PROVIDED DATA START

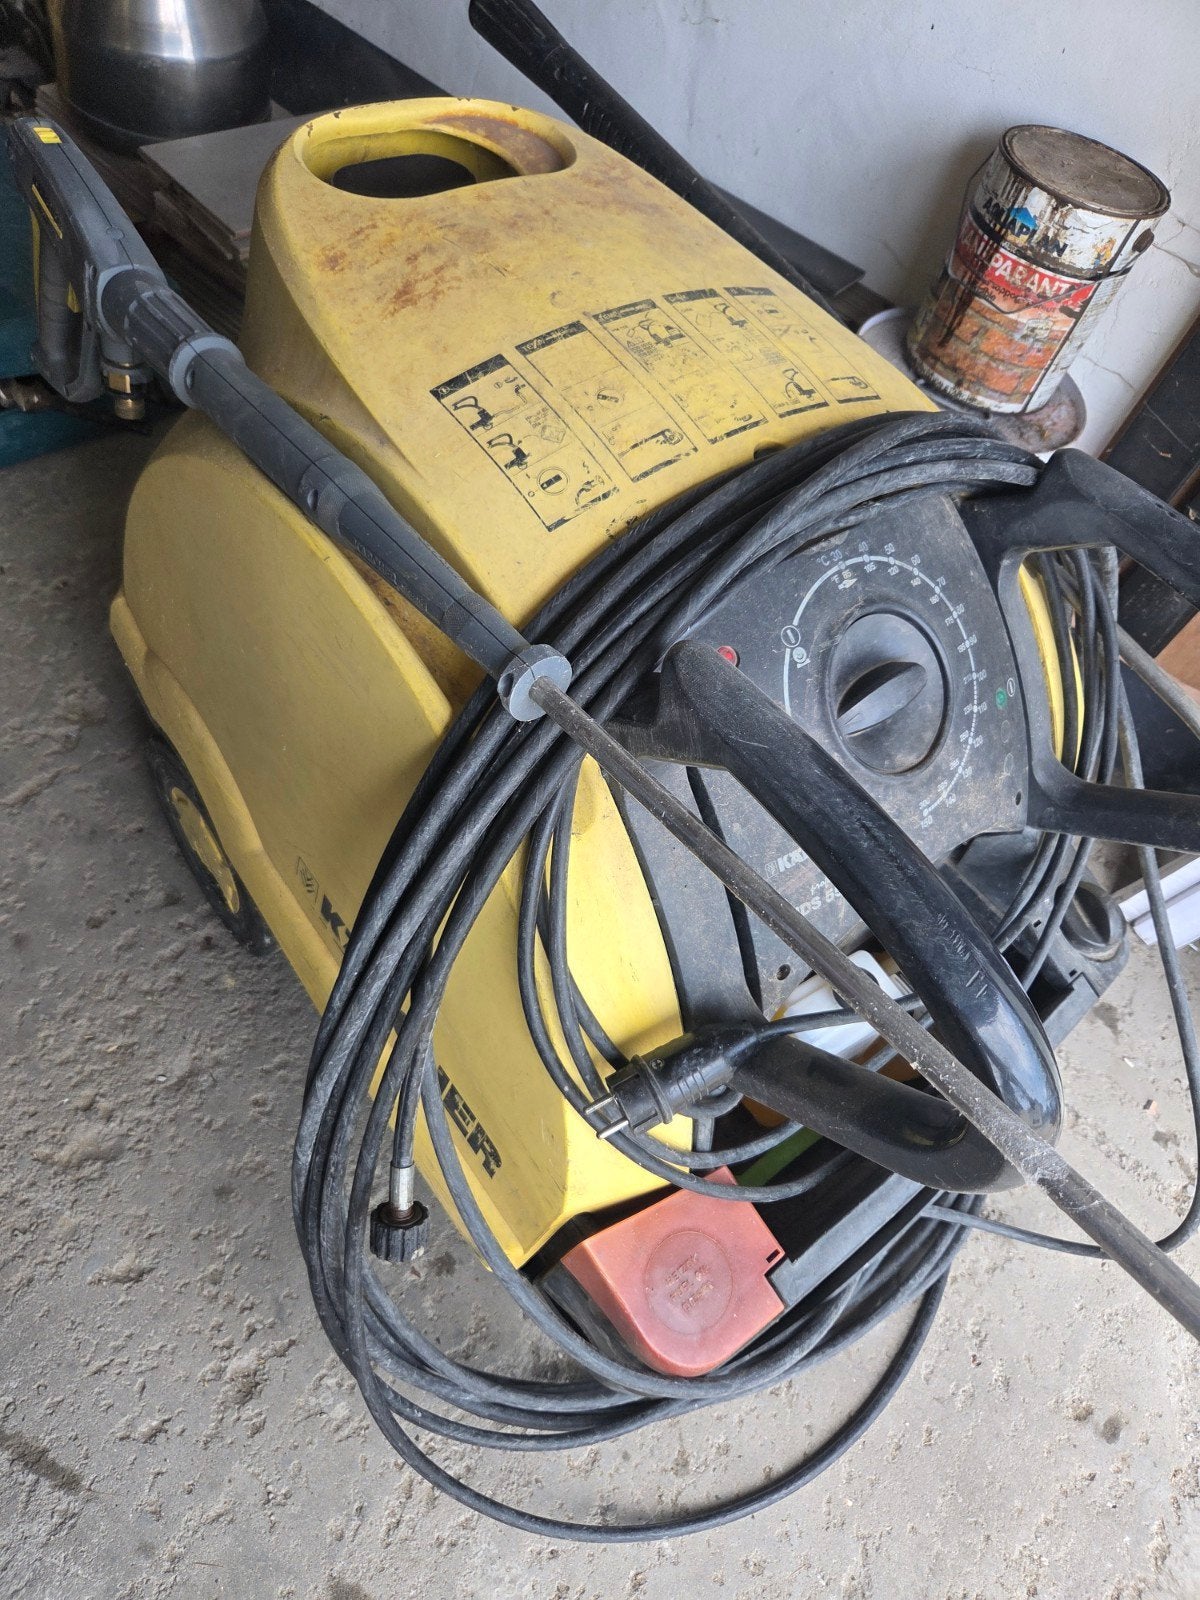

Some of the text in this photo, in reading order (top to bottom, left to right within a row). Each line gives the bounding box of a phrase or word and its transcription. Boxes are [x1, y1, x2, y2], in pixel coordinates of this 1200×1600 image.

[859, 541, 869, 552] 40
[884, 542, 895, 555] 50
[830, 548, 843, 561] 30
[911, 554, 921, 566] 60
[864, 562, 877, 573] 105
[888, 565, 899, 576] 120
[936, 576, 946, 588] 70
[921, 815, 933, 829] 150
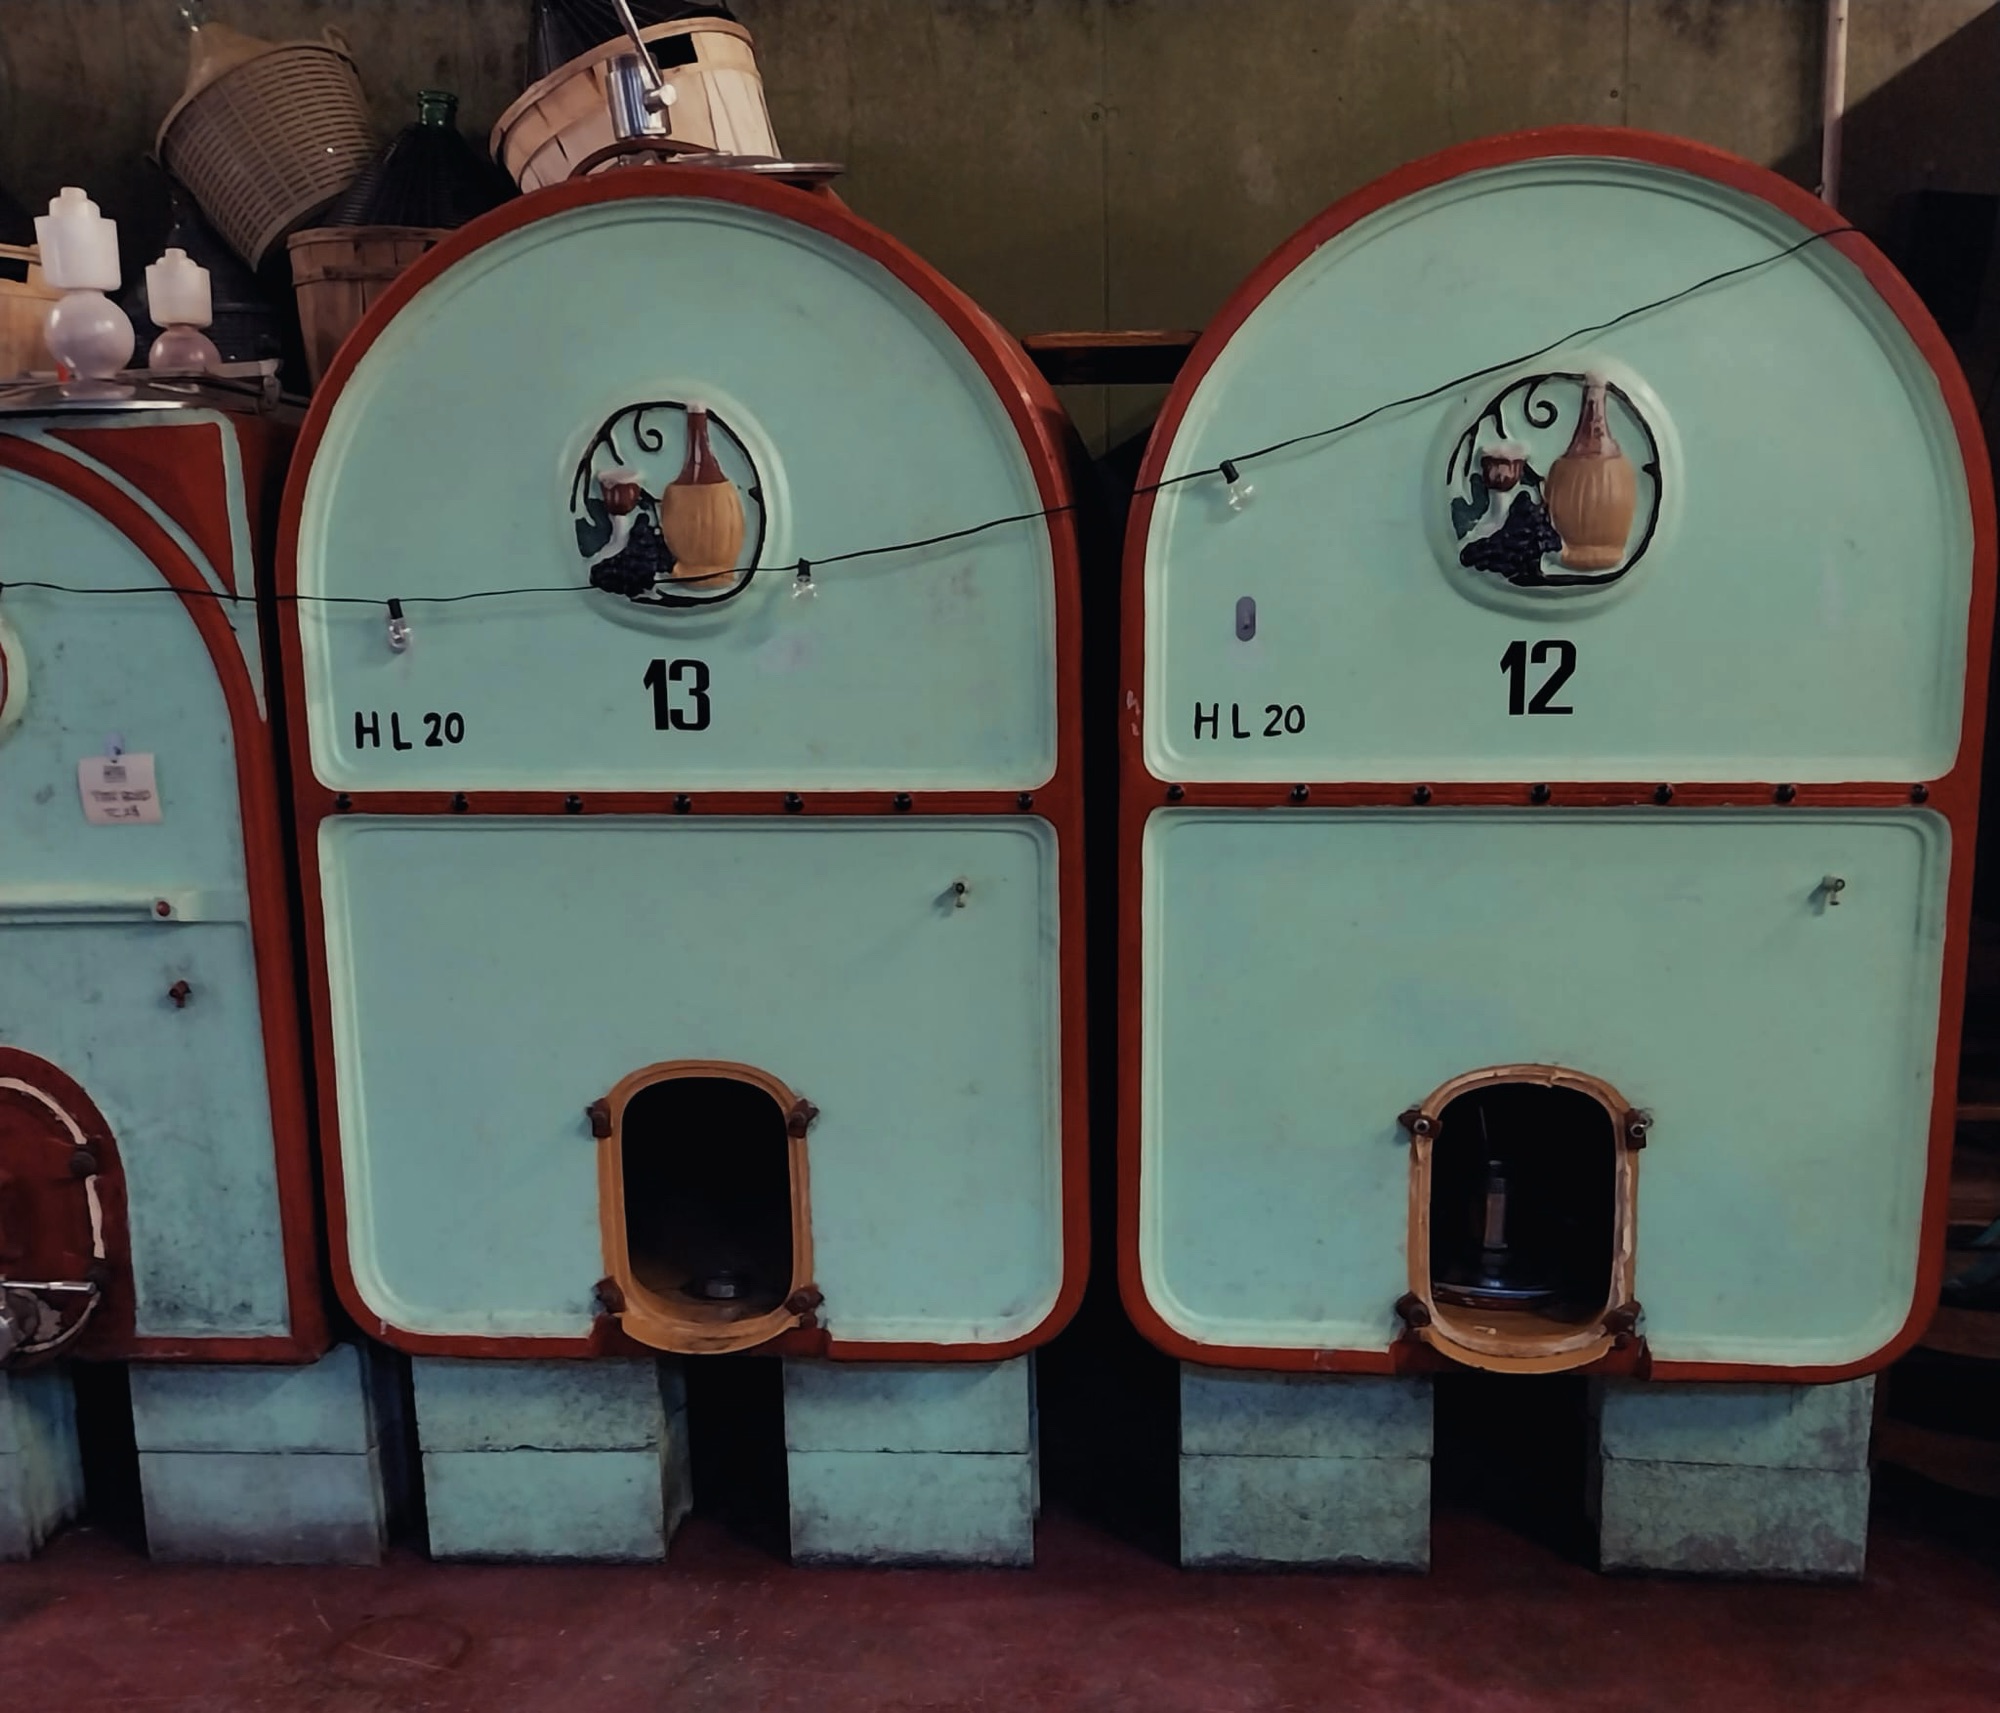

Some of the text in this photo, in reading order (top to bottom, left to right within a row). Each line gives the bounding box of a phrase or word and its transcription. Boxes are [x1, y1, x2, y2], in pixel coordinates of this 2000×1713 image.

[642, 658, 711, 732] 13
[1499, 639, 1577, 716] 12
[422, 711, 465, 748] 20
[1262, 704, 1306, 738] 20
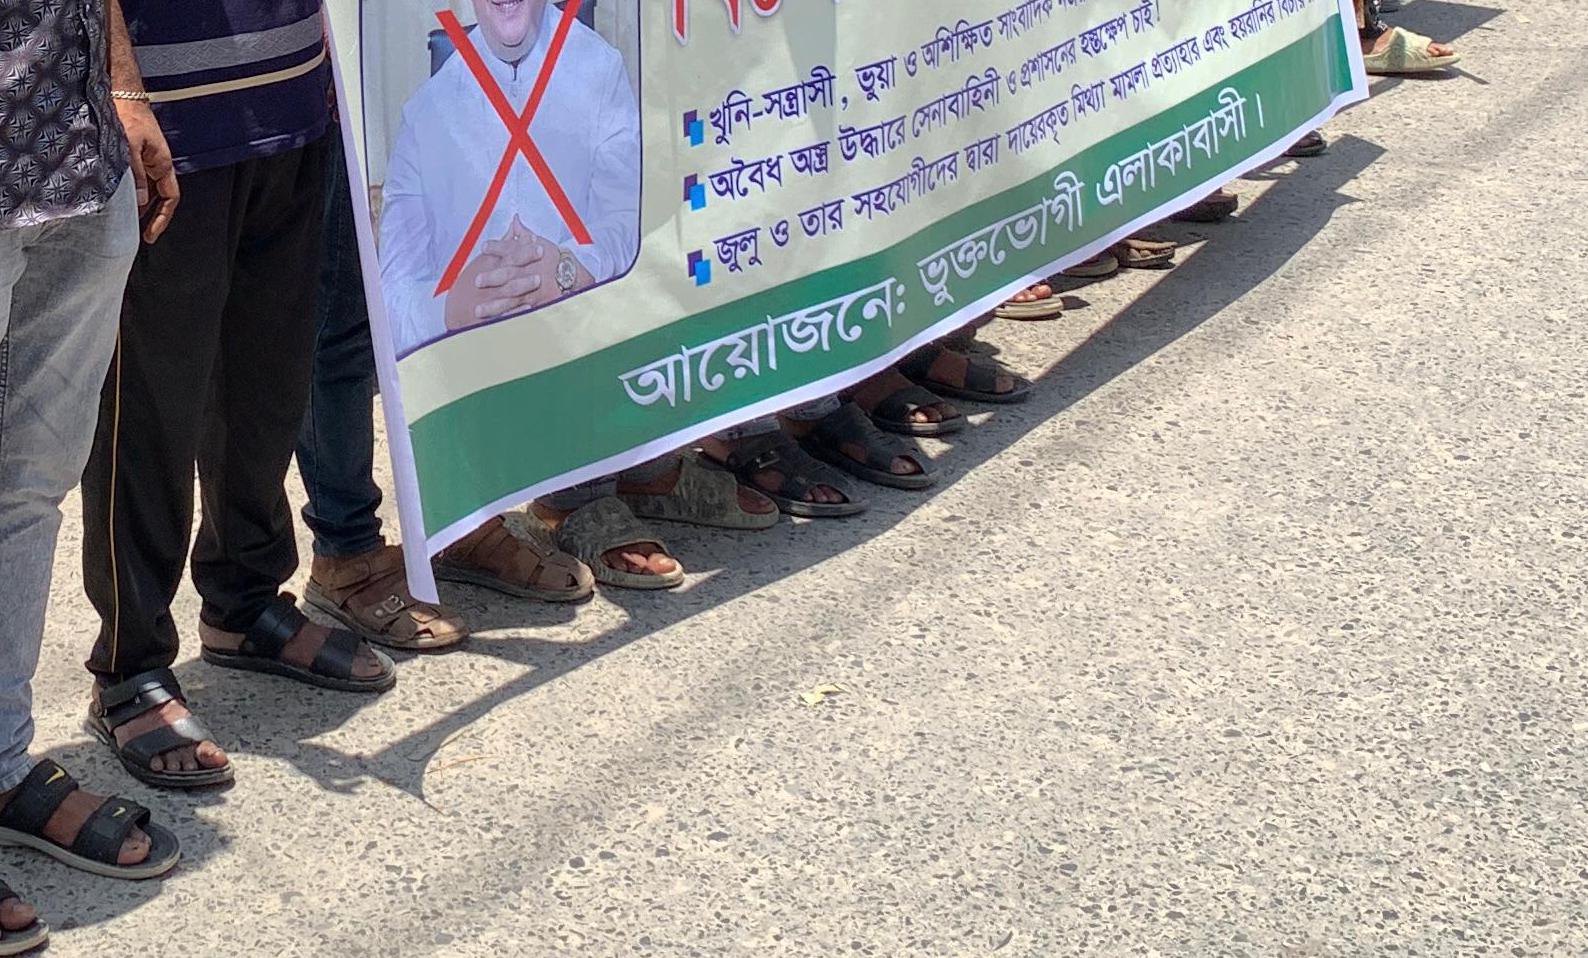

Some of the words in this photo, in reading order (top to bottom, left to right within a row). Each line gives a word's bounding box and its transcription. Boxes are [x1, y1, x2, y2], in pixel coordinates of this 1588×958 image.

[708, 155, 784, 201] অবৈধ
[788, 141, 831, 177] অস্ত্র
[838, 115, 907, 162] উদ্ধারে
[912, 66, 1001, 138] সেনাবাহিনী
[1006, 70, 1017, 96] ও
[1020, 37, 1077, 90] প্রশাসনের
[1080, 11, 1130, 58] হস্তক্ষেপ
[855, 57, 897, 102] ভুয়া
[904, 51, 917, 78] ও
[921, 19, 993, 67] অশিক্ষিত
[714, 226, 763, 274] জুলু
[770, 219, 790, 248] ও
[797, 198, 844, 238] তার
[851, 156, 960, 223] সহযোগীদের
[965, 133, 1000, 174] দ্বারা
[1006, 99, 1069, 155] দায়েরকৃত
[1072, 80, 1106, 125] মিথ্যা
[1110, 59, 1150, 103] মামলা
[1152, 35, 1202, 82] প্রত্যাহার
[1203, 24, 1230, 55] এবং
[918, 172, 1085, 306] ভুক্তভোগী

PROVIDED DATA END

PROBLEM TO SOLVE: Apart from the images, please copy every line of the data exactly as written.

EXPECTED OUTPUT:
Some of the text in this photo, in reading order (top to bottom, left to right within a row). Each line gives the bounding box of a phrase or word and its transcription. Boxes are [x1, y1, x2, y2], in pixel coordinates of this 1200×1600 image.

[859, 541, 869, 552] 40
[884, 542, 895, 555] 50
[830, 548, 843, 561] 30
[911, 554, 921, 566] 60
[864, 562, 877, 573] 105
[888, 565, 899, 576] 120
[936, 576, 946, 588] 70
[921, 815, 933, 829] 150

Some of the text in this photo, in reading order (top to bottom, left to right within a row). Each line gives the bounding box of a phrase or word and its transcription. Boxes are [x1, y1, x2, y2], in pixel coordinates of this 2000×1713 image.

[642, 658, 711, 732] 13
[1499, 639, 1577, 716] 12
[422, 711, 465, 748] 20
[1262, 704, 1306, 738] 20

Some of the words in this photo, in reading order (top to bottom, left to right within a row). Each line gives a word's bounding box and its transcription. Boxes are [x1, y1, x2, y2], in pixel coordinates of this 1588×958 image.

[708, 155, 784, 201] অবৈধ
[788, 141, 831, 177] অস্ত্র
[838, 115, 907, 162] উদ্ধারে
[912, 66, 1001, 138] সেনাবাহিনী
[1006, 70, 1017, 96] ও
[1020, 37, 1077, 90] প্রশাসনের
[1080, 11, 1130, 58] হস্তক্ষেপ
[855, 57, 897, 102] ভুয়া
[904, 51, 917, 78] ও
[921, 19, 993, 67] অশিক্ষিত
[714, 226, 763, 274] জুলু
[770, 219, 790, 248] ও
[797, 198, 844, 238] তার
[851, 156, 960, 223] সহযোগীদের
[965, 133, 1000, 174] দ্বারা
[1006, 99, 1069, 155] দায়েরকৃত
[1072, 80, 1106, 125] মিথ্যা
[1110, 59, 1150, 103] মামলা
[1152, 35, 1202, 82] প্রত্যাহার
[1203, 24, 1230, 55] এবং
[918, 172, 1085, 306] ভুক্তভোগী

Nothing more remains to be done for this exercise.